## Exercise instructions
Each entry listed below should be reproduced word for word.

***** Working data

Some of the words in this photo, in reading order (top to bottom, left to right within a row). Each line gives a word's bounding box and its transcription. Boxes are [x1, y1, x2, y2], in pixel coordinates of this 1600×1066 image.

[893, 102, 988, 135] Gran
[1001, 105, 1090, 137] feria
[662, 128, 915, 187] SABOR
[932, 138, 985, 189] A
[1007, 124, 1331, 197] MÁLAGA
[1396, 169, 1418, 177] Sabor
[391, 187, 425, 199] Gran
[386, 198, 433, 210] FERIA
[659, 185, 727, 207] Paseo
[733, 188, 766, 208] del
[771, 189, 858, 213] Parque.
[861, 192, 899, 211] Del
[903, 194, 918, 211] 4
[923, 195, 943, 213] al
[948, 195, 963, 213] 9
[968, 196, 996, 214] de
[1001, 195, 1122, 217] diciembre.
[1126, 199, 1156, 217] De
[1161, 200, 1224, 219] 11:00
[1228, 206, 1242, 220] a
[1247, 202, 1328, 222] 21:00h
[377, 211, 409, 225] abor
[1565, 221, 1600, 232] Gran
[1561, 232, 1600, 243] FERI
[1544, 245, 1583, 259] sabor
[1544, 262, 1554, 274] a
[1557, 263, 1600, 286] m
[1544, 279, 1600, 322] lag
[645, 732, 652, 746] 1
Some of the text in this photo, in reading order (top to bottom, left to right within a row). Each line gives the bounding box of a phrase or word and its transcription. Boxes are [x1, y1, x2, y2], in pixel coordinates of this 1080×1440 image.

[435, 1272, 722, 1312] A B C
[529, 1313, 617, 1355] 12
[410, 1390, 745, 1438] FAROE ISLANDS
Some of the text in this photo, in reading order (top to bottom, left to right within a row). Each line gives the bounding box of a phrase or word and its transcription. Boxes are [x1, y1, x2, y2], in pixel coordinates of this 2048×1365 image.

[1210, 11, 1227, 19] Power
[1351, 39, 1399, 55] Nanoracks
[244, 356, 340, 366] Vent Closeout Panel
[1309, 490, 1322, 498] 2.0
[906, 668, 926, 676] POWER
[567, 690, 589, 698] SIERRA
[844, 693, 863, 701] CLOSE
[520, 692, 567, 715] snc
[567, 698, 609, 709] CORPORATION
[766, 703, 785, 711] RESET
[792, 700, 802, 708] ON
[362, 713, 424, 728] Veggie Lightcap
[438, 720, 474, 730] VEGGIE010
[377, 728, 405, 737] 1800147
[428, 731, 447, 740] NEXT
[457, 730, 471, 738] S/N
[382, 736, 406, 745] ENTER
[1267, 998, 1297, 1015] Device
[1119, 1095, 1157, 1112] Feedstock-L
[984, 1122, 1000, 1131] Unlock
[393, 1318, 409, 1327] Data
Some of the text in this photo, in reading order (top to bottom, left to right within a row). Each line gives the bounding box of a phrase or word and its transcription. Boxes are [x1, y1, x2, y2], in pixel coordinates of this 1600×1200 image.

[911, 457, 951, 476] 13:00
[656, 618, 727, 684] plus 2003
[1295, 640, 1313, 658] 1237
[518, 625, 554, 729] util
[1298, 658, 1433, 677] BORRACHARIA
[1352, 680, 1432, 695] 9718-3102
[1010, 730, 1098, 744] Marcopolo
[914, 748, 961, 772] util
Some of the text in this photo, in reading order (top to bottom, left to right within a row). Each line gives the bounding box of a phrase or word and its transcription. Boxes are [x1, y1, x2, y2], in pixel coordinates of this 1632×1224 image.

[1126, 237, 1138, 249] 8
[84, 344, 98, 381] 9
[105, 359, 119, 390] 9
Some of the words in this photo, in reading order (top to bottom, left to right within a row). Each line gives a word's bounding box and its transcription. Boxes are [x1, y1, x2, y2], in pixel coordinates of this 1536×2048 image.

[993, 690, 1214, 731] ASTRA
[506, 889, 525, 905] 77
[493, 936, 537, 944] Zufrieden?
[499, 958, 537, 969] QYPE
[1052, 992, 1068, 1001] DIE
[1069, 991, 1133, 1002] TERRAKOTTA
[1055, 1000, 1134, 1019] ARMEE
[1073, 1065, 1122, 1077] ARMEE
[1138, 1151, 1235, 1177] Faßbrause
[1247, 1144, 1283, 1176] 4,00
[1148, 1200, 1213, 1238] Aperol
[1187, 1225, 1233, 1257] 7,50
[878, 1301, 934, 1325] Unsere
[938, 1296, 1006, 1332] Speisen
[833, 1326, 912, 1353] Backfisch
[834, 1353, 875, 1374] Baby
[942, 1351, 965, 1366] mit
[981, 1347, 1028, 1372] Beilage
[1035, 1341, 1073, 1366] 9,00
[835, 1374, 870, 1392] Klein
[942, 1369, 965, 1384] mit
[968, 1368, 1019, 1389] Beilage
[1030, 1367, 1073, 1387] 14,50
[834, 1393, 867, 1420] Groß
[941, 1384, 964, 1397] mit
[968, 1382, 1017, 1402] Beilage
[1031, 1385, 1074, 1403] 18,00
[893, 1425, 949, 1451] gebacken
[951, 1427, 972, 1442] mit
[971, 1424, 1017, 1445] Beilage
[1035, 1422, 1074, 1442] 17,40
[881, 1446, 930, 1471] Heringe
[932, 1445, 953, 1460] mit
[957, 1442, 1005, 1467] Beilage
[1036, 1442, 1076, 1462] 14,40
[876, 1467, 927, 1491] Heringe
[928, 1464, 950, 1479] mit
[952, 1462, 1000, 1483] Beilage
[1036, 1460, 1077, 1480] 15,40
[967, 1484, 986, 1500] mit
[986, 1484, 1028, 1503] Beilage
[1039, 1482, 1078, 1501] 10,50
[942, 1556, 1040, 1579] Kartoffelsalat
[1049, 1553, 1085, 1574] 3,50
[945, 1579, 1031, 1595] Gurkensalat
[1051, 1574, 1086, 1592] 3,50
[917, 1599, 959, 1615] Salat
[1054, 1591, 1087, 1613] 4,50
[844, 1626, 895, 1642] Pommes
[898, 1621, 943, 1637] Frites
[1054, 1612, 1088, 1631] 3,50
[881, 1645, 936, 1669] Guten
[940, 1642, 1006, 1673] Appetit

**********

## Response to this task
Some of the words in this photo, in reading order (top to bottom, left to right within a row). Each line gives a word's bounding box and its transcription. Boxes are [x1, y1, x2, y2], in pixel coordinates of this 1600×1066 image.

[893, 102, 988, 135] Gran
[1001, 105, 1090, 137] feria
[662, 128, 915, 187] SABOR
[932, 138, 985, 189] A
[1007, 124, 1331, 197] MÁLAGA
[1396, 169, 1418, 177] Sabor
[391, 187, 425, 199] Gran
[386, 198, 433, 210] FERIA
[659, 185, 727, 207] Paseo
[733, 188, 766, 208] del
[771, 189, 858, 213] Parque.
[861, 192, 899, 211] Del
[903, 194, 918, 211] 4
[923, 195, 943, 213] al
[948, 195, 963, 213] 9
[968, 196, 996, 214] de
[1001, 195, 1122, 217] diciembre.
[1126, 199, 1156, 217] De
[1161, 200, 1224, 219] 11:00
[1228, 206, 1242, 220] a
[1247, 202, 1328, 222] 21:00h
[377, 211, 409, 225] abor
[1565, 221, 1600, 232] Gran
[1561, 232, 1600, 243] FERI
[1544, 245, 1583, 259] sabor
[1544, 262, 1554, 274] a
[1557, 263, 1600, 286] m
[1544, 279, 1600, 322] lag
[645, 732, 652, 746] 1
Some of the text in this photo, in reading order (top to bottom, left to right within a row). Each line gives the bounding box of a phrase or word and its transcription. Boxes are [x1, y1, x2, y2], in pixel coordinates of this 1080×1440 image.

[435, 1272, 722, 1312] A B C
[529, 1313, 617, 1355] 12
[410, 1390, 745, 1438] FAROE ISLANDS
Some of the text in this photo, in reading order (top to bottom, left to right within a row). Each line gives the bounding box of a phrase or word and its transcription. Boxes are [x1, y1, x2, y2], in pixel coordinates of this 2048×1365 image.

[1210, 11, 1227, 19] Power
[1351, 39, 1399, 55] Nanoracks
[244, 356, 340, 366] Vent Closeout Panel
[1309, 490, 1322, 498] 2.0
[906, 668, 926, 676] POWER
[567, 690, 589, 698] SIERRA
[844, 693, 863, 701] CLOSE
[520, 692, 567, 715] snc
[567, 698, 609, 709] CORPORATION
[766, 703, 785, 711] RESET
[792, 700, 802, 708] ON
[362, 713, 424, 728] Veggie Lightcap
[438, 720, 474, 730] VEGGIE010
[377, 728, 405, 737] 1800147
[428, 731, 447, 740] NEXT
[457, 730, 471, 738] S/N
[382, 736, 406, 745] ENTER
[1267, 998, 1297, 1015] Device
[1119, 1095, 1157, 1112] Feedstock-L
[984, 1122, 1000, 1131] Unlock
[393, 1318, 409, 1327] Data
Some of the text in this photo, in reading order (top to bottom, left to right within a row). Each line gives the bounding box of a phrase or word and its transcription. Boxes are [x1, y1, x2, y2], in pixel coordinates of this 1600×1200 image.

[911, 457, 951, 476] 13:00
[656, 618, 727, 684] plus 2003
[1295, 640, 1313, 658] 1237
[518, 625, 554, 729] util
[1298, 658, 1433, 677] BORRACHARIA
[1352, 680, 1432, 695] 9718-3102
[1010, 730, 1098, 744] Marcopolo
[914, 748, 961, 772] util
Some of the text in this photo, in reading order (top to bottom, left to right within a row). Each line gives the bounding box of a phrase or word and its transcription. Boxes are [x1, y1, x2, y2], in pixel coordinates of this 1632×1224 image.

[1126, 237, 1138, 249] 8
[84, 344, 98, 381] 9
[105, 359, 119, 390] 9
Some of the words in this photo, in reading order (top to bottom, left to right within a row). Each line gives a word's bounding box and its transcription. Boxes are [x1, y1, x2, y2], in pixel coordinates of this 1536×2048 image.

[993, 690, 1214, 731] ASTRA
[506, 889, 525, 905] 77
[493, 936, 537, 944] Zufrieden?
[499, 958, 537, 969] QYPE
[1052, 992, 1068, 1001] DIE
[1069, 991, 1133, 1002] TERRAKOTTA
[1055, 1000, 1134, 1019] ARMEE
[1073, 1065, 1122, 1077] ARMEE
[1138, 1151, 1235, 1177] Faßbrause
[1247, 1144, 1283, 1176] 4,00
[1148, 1200, 1213, 1238] Aperol
[1187, 1225, 1233, 1257] 7,50
[878, 1301, 934, 1325] Unsere
[938, 1296, 1006, 1332] Speisen
[833, 1326, 912, 1353] Backfisch
[834, 1353, 875, 1374] Baby
[942, 1351, 965, 1366] mit
[981, 1347, 1028, 1372] Beilage
[1035, 1341, 1073, 1366] 9,00
[835, 1374, 870, 1392] Klein
[942, 1369, 965, 1384] mit
[968, 1368, 1019, 1389] Beilage
[1030, 1367, 1073, 1387] 14,50
[834, 1393, 867, 1420] Groß
[941, 1384, 964, 1397] mit
[968, 1382, 1017, 1402] Beilage
[1031, 1385, 1074, 1403] 18,00
[893, 1425, 949, 1451] gebacken
[951, 1427, 972, 1442] mit
[971, 1424, 1017, 1445] Beilage
[1035, 1422, 1074, 1442] 17,40
[881, 1446, 930, 1471] Heringe
[932, 1445, 953, 1460] mit
[957, 1442, 1005, 1467] Beilage
[1036, 1442, 1076, 1462] 14,40
[876, 1467, 927, 1491] Heringe
[928, 1464, 950, 1479] mit
[952, 1462, 1000, 1483] Beilage
[1036, 1460, 1077, 1480] 15,40
[967, 1484, 986, 1500] mit
[986, 1484, 1028, 1503] Beilage
[1039, 1482, 1078, 1501] 10,50
[942, 1556, 1040, 1579] Kartoffelsalat
[1049, 1553, 1085, 1574] 3,50
[945, 1579, 1031, 1595] Gurkensalat
[1051, 1574, 1086, 1592] 3,50
[917, 1599, 959, 1615] Salat
[1054, 1591, 1087, 1613] 4,50
[844, 1626, 895, 1642] Pommes
[898, 1621, 943, 1637] Frites
[1054, 1612, 1088, 1631] 3,50
[881, 1645, 936, 1669] Guten
[940, 1642, 1006, 1673] Appetit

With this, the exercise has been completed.